Publicado: 01 de enero del 2021

Eler Antonio Rojas Lucanas

Imagen tomada de SlidePlayer[1]


El 16 de diciembre del presente año los medios de comunicación informaron la suscripción del denominado “Acuerdo entre la República del Perú, la Confederación Suiza y el Gran Ducado de Luxemburgo sobre la Transferencia de Activos Decomisados” (en adelante, Acuerdo tripartito), mediante el cual se repatriará a favor de nuestro país el monto de aproximadamente 26 millones de dólares americanos provenientes de actos de corrupción y que estaban depositados en cuentas bancarias en ambos países europeos (El Peruano, 2020). A propósito de la noticia de la celebración de este acuerdo tripartito, presentaremos de modo sucinto, el concepto de recuperación de activos, el marco jurídico de derecho internacional público dentro del cual se desenvuelve, sus antecedentes y su naturaleza jurídica.


A fin de comprender el propósito del acuerdo suscrito por Perú, cabe preguntarnos, ¿qué es la recuperación de activos?
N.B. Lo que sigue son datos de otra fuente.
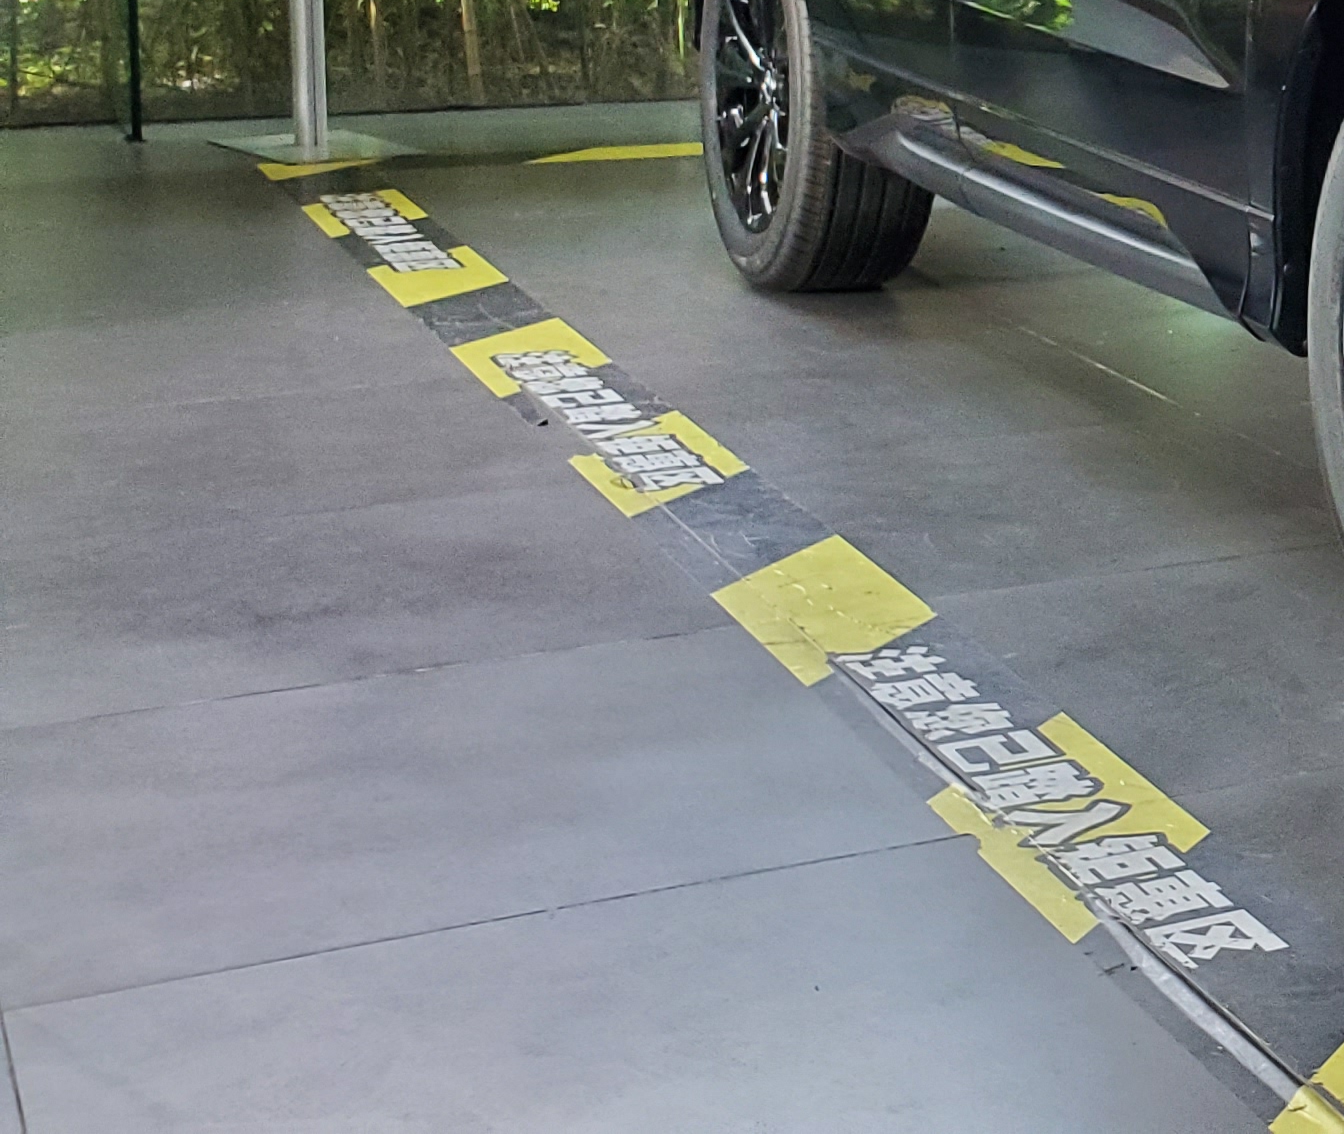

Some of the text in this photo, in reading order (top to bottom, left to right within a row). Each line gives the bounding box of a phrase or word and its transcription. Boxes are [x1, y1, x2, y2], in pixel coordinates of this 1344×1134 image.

La recuperación de activos es un proceso interinstitucional que implica la aplicación de instituciones jurídicas, como la incautación o decomiso, y de mecanismos asistencia mutua legal, y que tiene como objetivo recuperar los activos despojados del tesoro público de un “Estado víctima” (estado requirente), por parte de funcionarios públicos[1], los cuales se encuentran localizados en un “Estado recipiente” (estado requerido). De este modo, los Estados, así como sus instituciones nacionales, por ejemplo, el Poder Judicial, Ministerio Público y otros organismos especializados, entablan relaciones en el ámbito de una política criminal internacional para recuperar bienes o dinero sustraídos mediante actos de corrupción (Solórzano, 2018, pp. 297-299).


Precisado lo anterior, corresponde identificar el marco normativo del derecho internacional que guía la actuación y emisión de normas nacionales en lo concerniente a la recuperación de activos. Al respecto, de conformidad con la Convención de las Naciones Unidas Contra la Corrupción[2] (en adelante, CNUCC), los Estados[3] se comprometen a adoptar las medidas necesarias para permitir el embargo preventivo, incautación, o eventual decomiso de bienes o dinero producto de la comisión de delitos vinculados a la corrupción, tipificados en la CNUCC (artículo 31). En esa línea, los “Estados parte” de la convención que reciban la solicitud de otro estado parte con jurisdicción para sancionar tales delitos, deben comunicar a sus autoridades competentes y tomar las decisiones que permitan lograr el decomiso de los activos ilícitamente extraídos por funcionarios públicos (artículo 55, CNUCC).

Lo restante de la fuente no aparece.